Another call: A student of mine died. A mature aged student (45), she had been battling cancer for some time. I spoke with her at Christmas and she said that the tumors had shrunk and she was heading toward being cancer free. I believed her. She had exploratory surgery yesterday and did not come out of the anesthetic.

A friend popped in on the off chance I was available. She burst into tears and told me about how depressed and confused she was. I spent some time with her and made a couple of therapeutic suggestions for her to follow up. As a friend I cannot play therapist, it is unethical. Instead, my friendship manifests as care and wanting to ensure she gets the most appropriate treatment and assistance in her hours of great need. At this time, her need is huge and I would never not help someone. One of my favorite sayings, and life philosophy, comes from Mary McKillop: Never see a need without doing something about it.

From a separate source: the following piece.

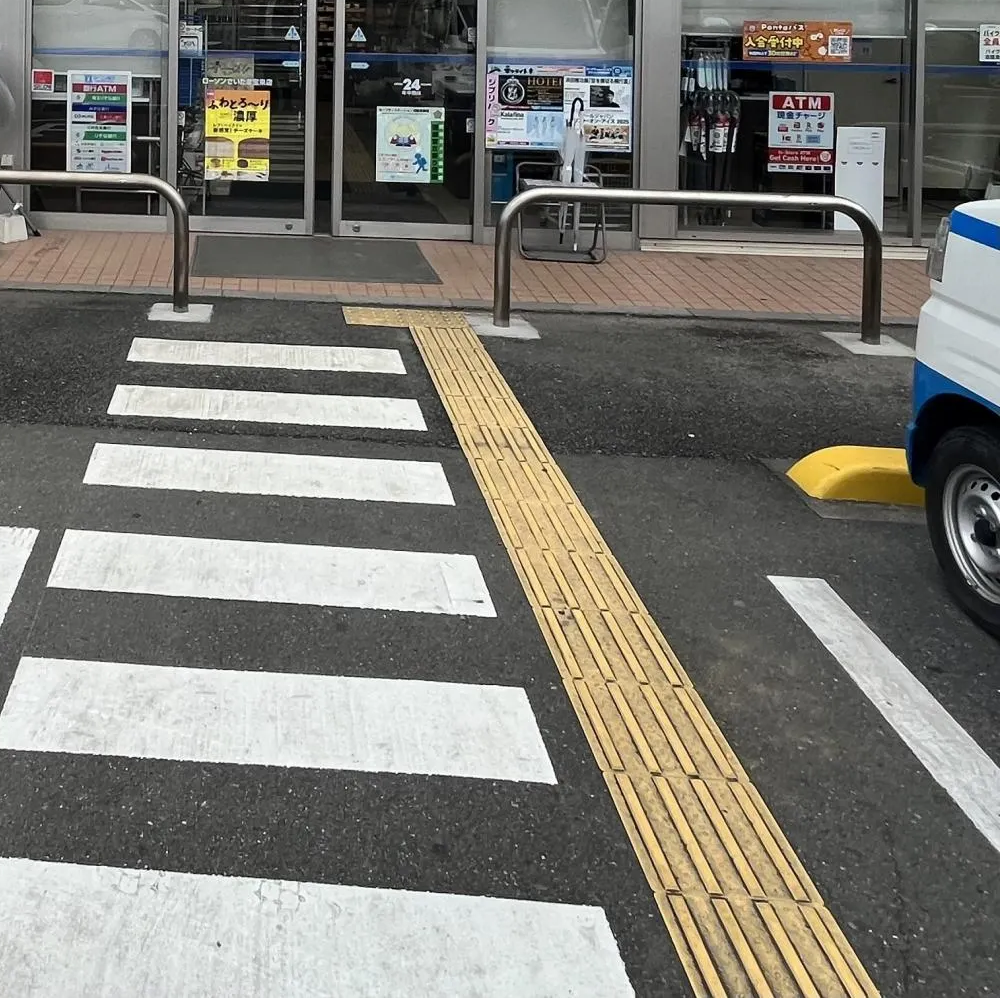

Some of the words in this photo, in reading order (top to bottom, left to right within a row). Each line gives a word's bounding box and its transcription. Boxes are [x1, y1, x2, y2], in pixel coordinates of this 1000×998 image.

And finally, at 8.30pm after I had consumed two glasses of wine, I had a call from a young family friend. He was either as high as a kite or had consumed waaaaaayyyy too much alcohol. He wanted me to drop everything and go and pick him up. He was after a bed for the night and early morning transportation back to an outer Cairns beach. I said “NO WAY!!!!!!!”

Boy had a vicarious lesson in supporting other people in their hour of need and practical experience of how some days, life transpires against the best laid plans of home schooling mothers and step fathers. Happy to be getting out of Math, we instead all sat, overwhelmed, around the table and kneaded our own therapy. Using that marvelous clay, Sculpey, we began producing more frogs and Platypode (plural of Platypus) as wedding favors for our Rainforest Wedding on March 31. That’s them pictured.

How good our beds were last night…and Boy is still sleeping at 9am Saturday morning. Today is a perfect day, the rain has stopped and the sun is shining. I am grateful that I can see and appreciate such a glorious day but my heart is heavy for my children, my ex husband and my friends. Life is short, precious and a gift. Math can be caught up any old day of the week.

1 comment:

Elisheva Hannah Levin said...

Wow.

I sincerely think they had the calendar mixed up down under! It had to have been Friday the 13th.

Hugs and best wishes for a complete healing for all your sick ones.